8. Al rientro in casa bisogna sempre lavarsi i capelli e gli indumenti indossati. Falso: con il rispetto della distanza di almeno un metro dalle altre persone è poco plausibile che i nostri vestiti, o noi stessi, possano essere contaminati da virus in una quantità rilevante. Tuttavia, sempre nel rispetto delle buone norme igieniche, quando si torna a casa è opportuno riporre correttamente la giacca o il soprabito senza, ad esempio, poggiarli sul divano, sul tavolo o sul letto.

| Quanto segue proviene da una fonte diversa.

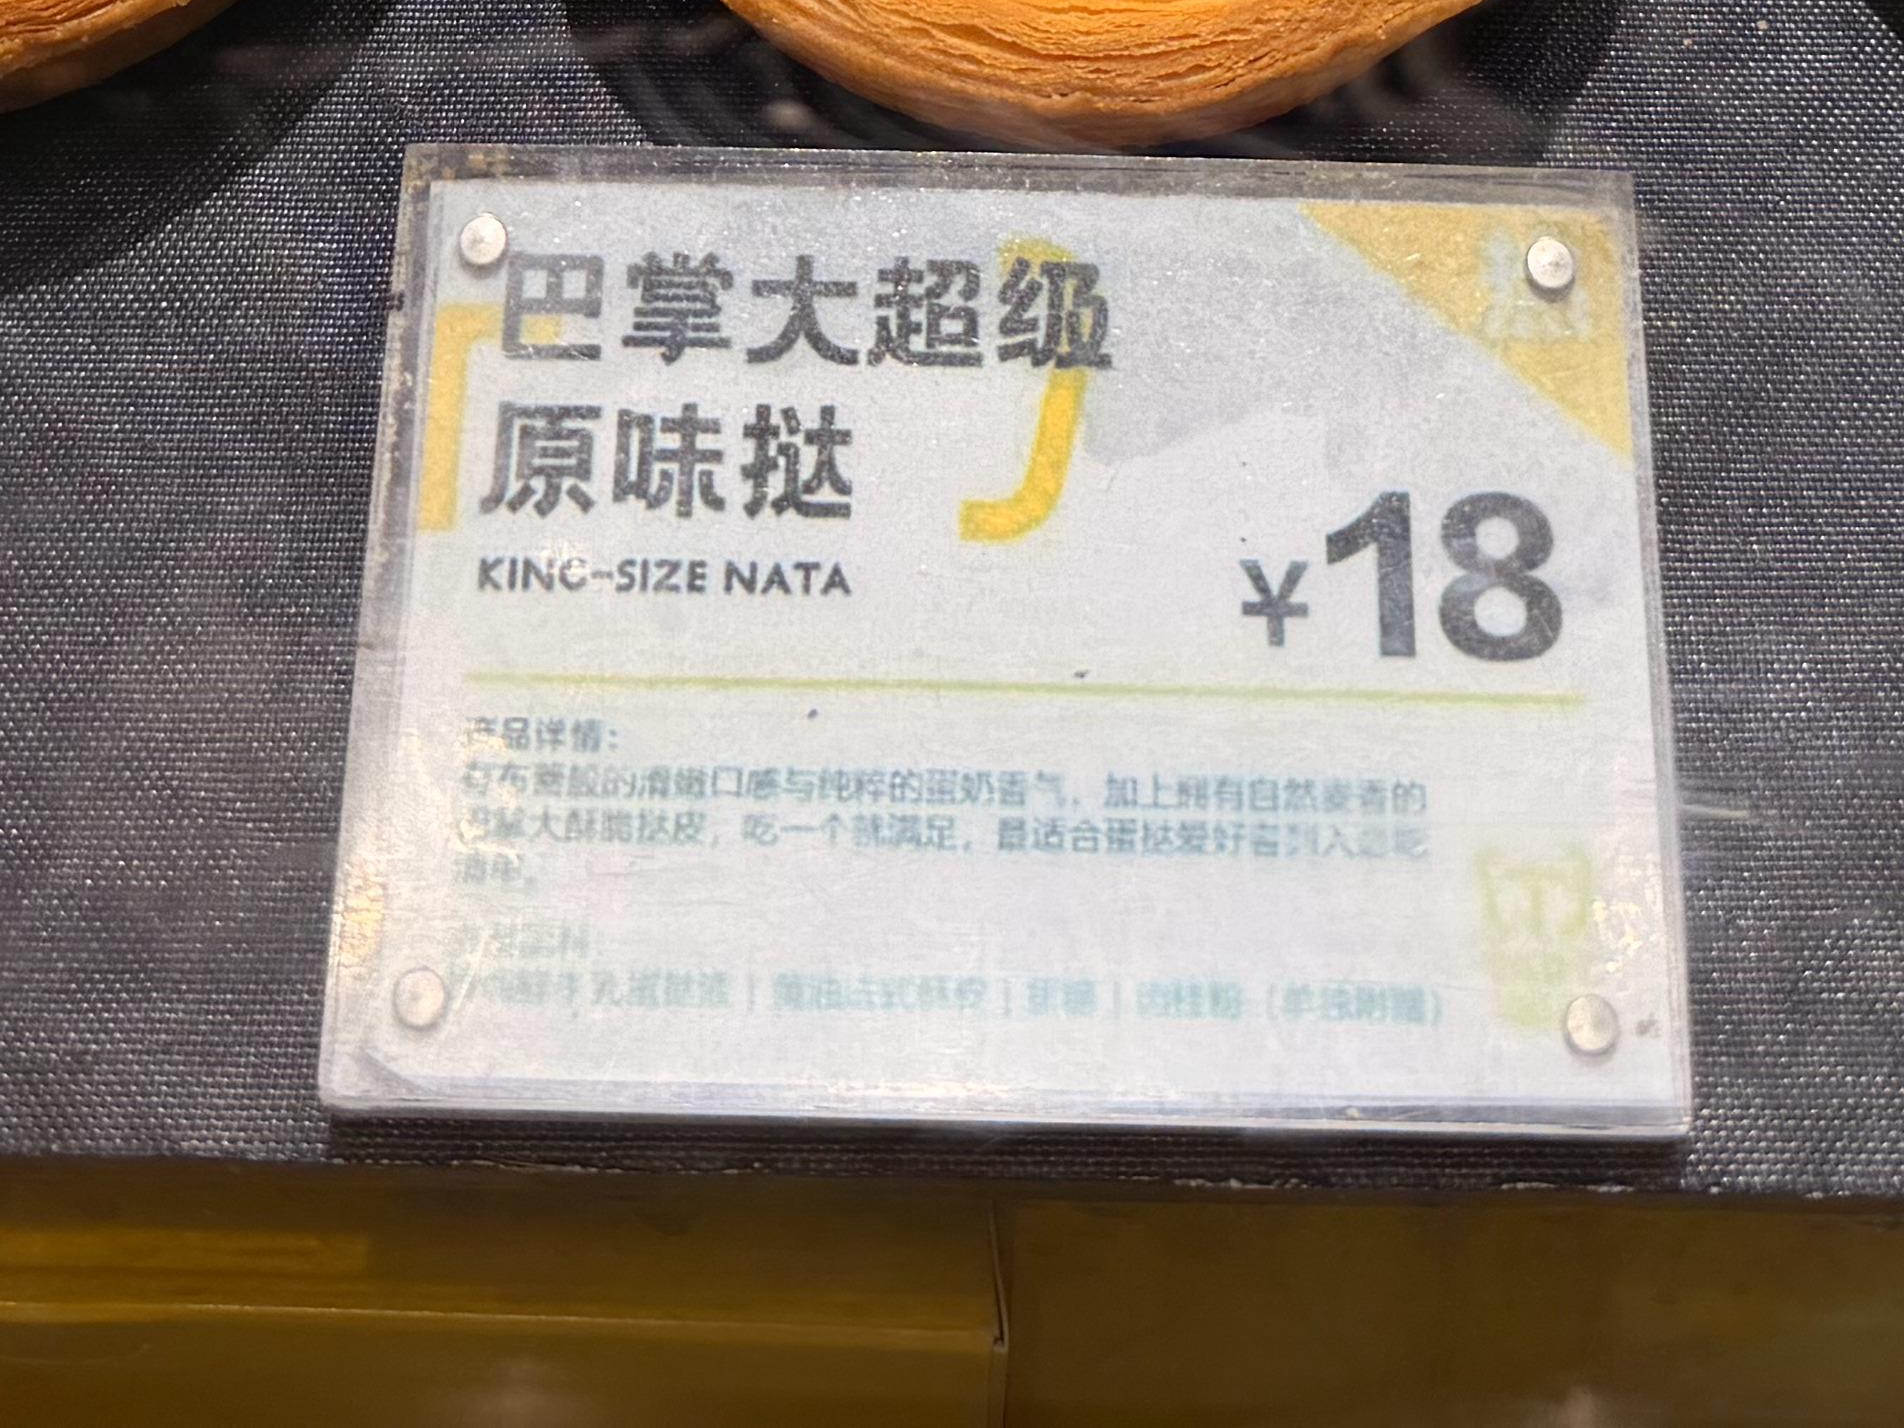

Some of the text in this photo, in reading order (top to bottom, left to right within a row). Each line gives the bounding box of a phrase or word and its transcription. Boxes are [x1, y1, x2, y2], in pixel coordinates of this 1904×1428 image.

[501, 250, 1113, 370] 巴掌大超级
[479, 401, 853, 519] 原味挞
[722, 560, 852, 596] NATA

9. La suola delle scarpe porta sicuramente il virus in casa e trasmette l'infezione. Falso: attualmente non è noto il tempo di sopravvivenza del virus in luoghi aperti. In via teorica se si cammina con le scarpe su una superficie in cui una persona infetta ha espulso secrezioni respiratorie come catarro, ecc. è possibile che il virus sia presente sulla suola delle scarpe e possa essere portato in casa. Però normalmente il pavimento non è una delle superfici che tocchiamo, quindi il rischio è trascurabile. Se in casa ci sono bambini si può mantenere un atteggiamento prudente nel rispetto delle normali norme igieniche, togliendosi le scarpe all'ingresso in casa e pulendo i pavimenti con prodotti a base di cloro all'0.1% (semplice candeggina o varechina diluita).

10. Pane fresco o verdure crude possono essere contaminate dal nuovo coronavirus e trasmettere sicuramente l'infezione a chi li mangia. Falso: attualmente non vi sono informazioni sulla sopravvivenza del nuovo coronavirus sulla superficie degli alimenti, ma la possibilità di trasmissione del virus attraverso il pane fresco, o altri tipi di alimenti è poco probabile, visto che la modalità di trasmissione è principalmente attraverso le goccioline che contengono secrezioni respiratorie (droplets) o per contatto. Chiaramente chi manipola il pane, e gli alimenti in generale, deve rispettare le regole igienico sanitarie: lavarsi le mani accuratamente con acqua e sapone per almeno 40-60 secondi prima di toccare gli alimenti, usare un fazzoletto usa e getta per coprire bocca e naso in caso di tosse e starnuti e lavarsi le mani subito dopo.